Because it's Aki, Shinjiro doesn't say something sarcastic. "No," he replies instead. Maybe he stirs the compote a little harder than is necessary, but it beats punching a wall, and at least he doesn't spill.
"Is she going to remember?" Now there's the question Aki's really been trying to ask.
Shinjiro starts heating the pan for the pancakes, mostly to give himself something else to do. "I don't know." There's silence between them, broken only by the sizzle of water when he tests the skillet. "Probably not."
Aki sighs. "Yeah, I didn't think so. That's her price, right?"
"Not just hers." Shinjiro pours batter and watches it bubble. "Maybe that's our real price."
"What, climbing Tartarus again wasn't enough?" Aki's voice actually cracks. It hasn't done that in years.
Shinjiro smiles grimly at the stove. "Everything's got a price, Aki." He flips pancakes, and they're perfectly golden-brown on the underside.
He hears Mitsuru and Minako descending the stairs, and they all gather in the kitchen, Aki and Mitsuru making sure to stay out of his way. When breakfast is ready, they move to the dining room, and it makes his chest ache when he sees the three of them around the table, just like it should have been. Minako laughs even at Aki's terrible awkward jokes. Mitsuru's participating in the conversation, but he can see the wheels turning behind her eyes.

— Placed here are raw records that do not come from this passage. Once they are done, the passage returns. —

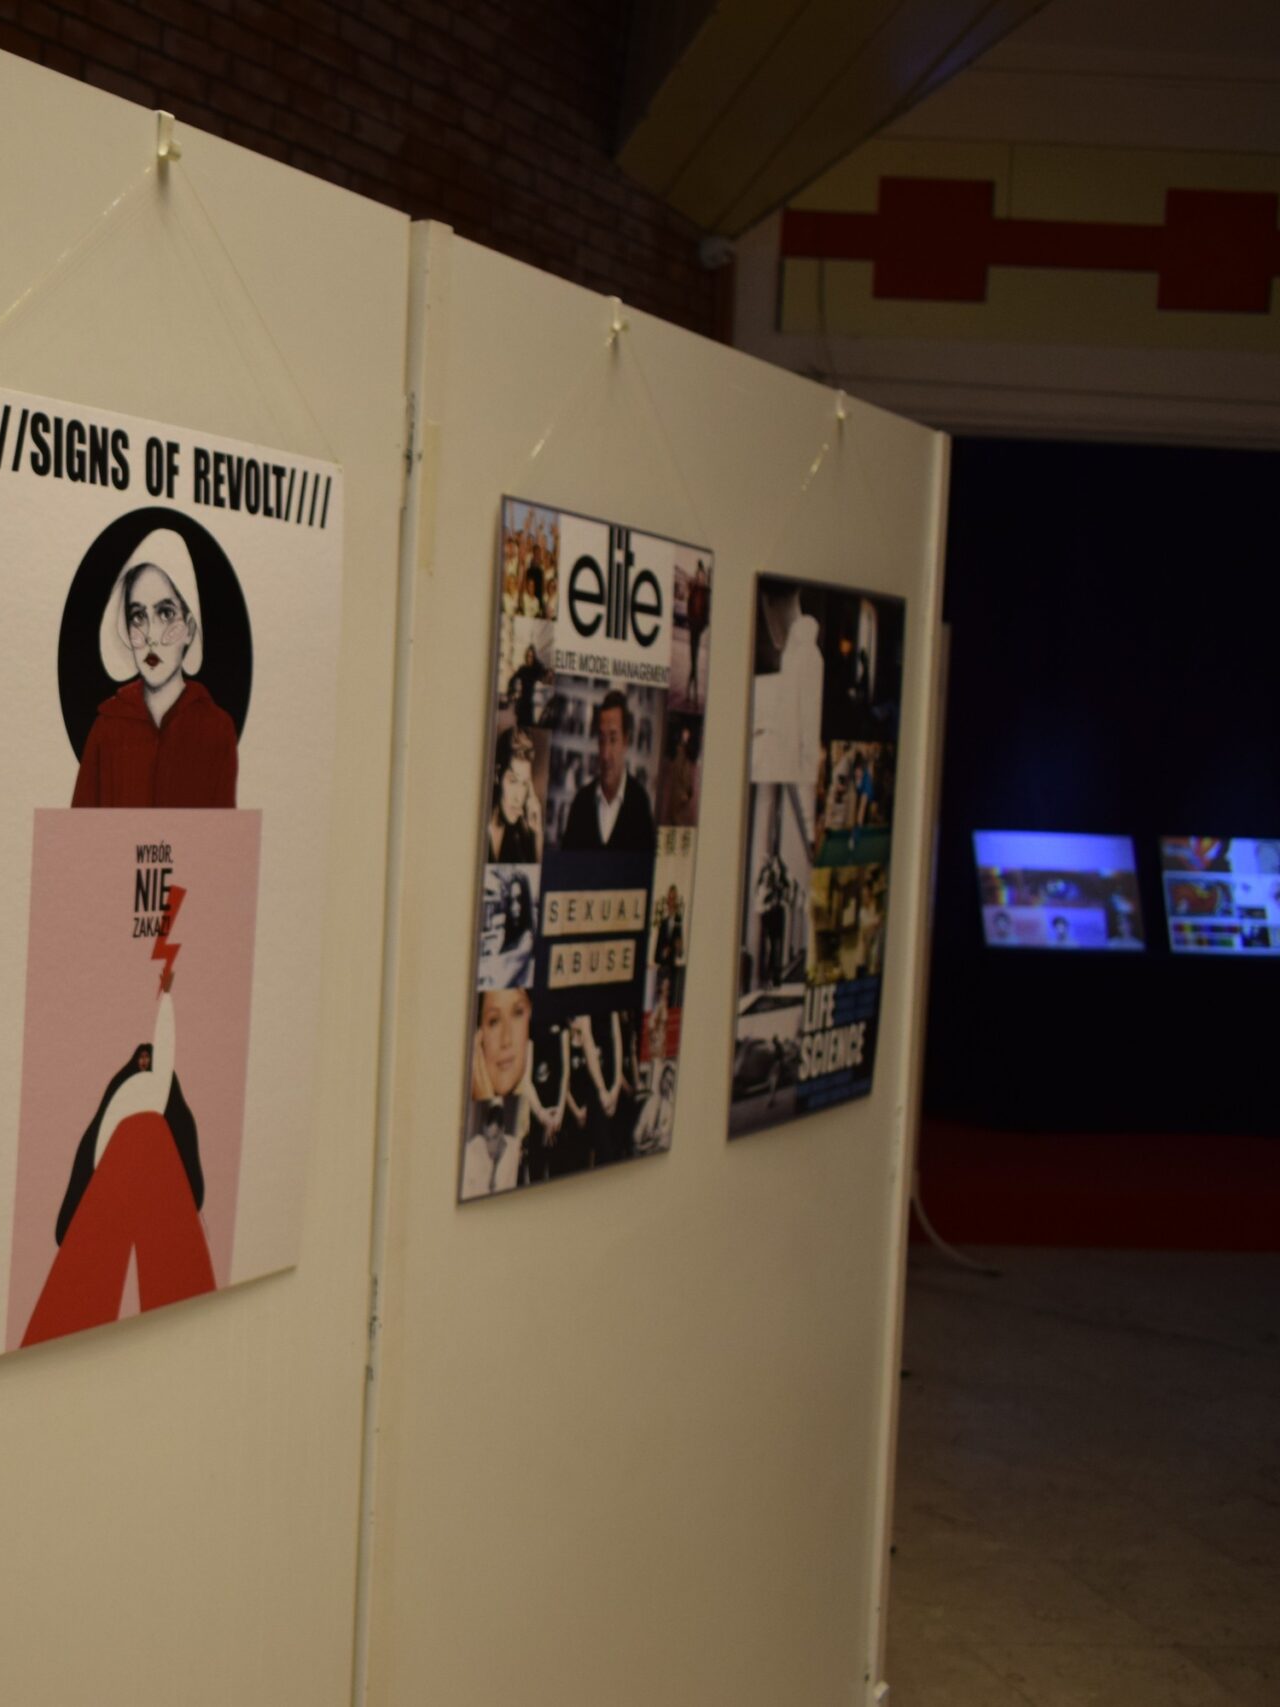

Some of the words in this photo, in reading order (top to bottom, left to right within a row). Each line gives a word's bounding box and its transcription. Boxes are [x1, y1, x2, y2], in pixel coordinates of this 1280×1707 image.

[146, 436, 180, 498] OF
[568, 524, 662, 648] elite
[555, 650, 576, 671] ELITE
[579, 654, 609, 676] MODEL
[612, 659, 669, 682] MANAGEMENT
[134, 868, 173, 913] NIE
[549, 897, 641, 923] SEXUAL
[555, 947, 631, 975] ABUSE
[804, 984, 837, 1032] LIFE
[799, 1021, 866, 1080] SCIENCE

"This is delicious, Shinjiro-senpai!" Minako says, digging into her pancakes with enthusiasm. Shinjiro grunts acknowledgment and plows steadily through the pile on his own plate.
"We'll arrange for you to complete your classes and graduate," Mitsuru says to Minako, like she's continuing a conversation.
Minako shifts her shoulders a little and smiles awkwardly. "Thank you," she says. "I won't disappoint you."
"No, you won't," Mitsuru agrees, and there's more warmth in the statement than he might have expected from her. "But we can worry about that tomorrow."
Minako smiles, and her hand brushes Mitsuru's, fluttering like a butterfly in midair. It makes Shinjiro's heart ache to see the shadows behind her smile.
She stays with them, and becomes part of their relationship, and they stop dreaming of Tartarus. But sometimes, it hurts to look at her and realize just how little they brought back.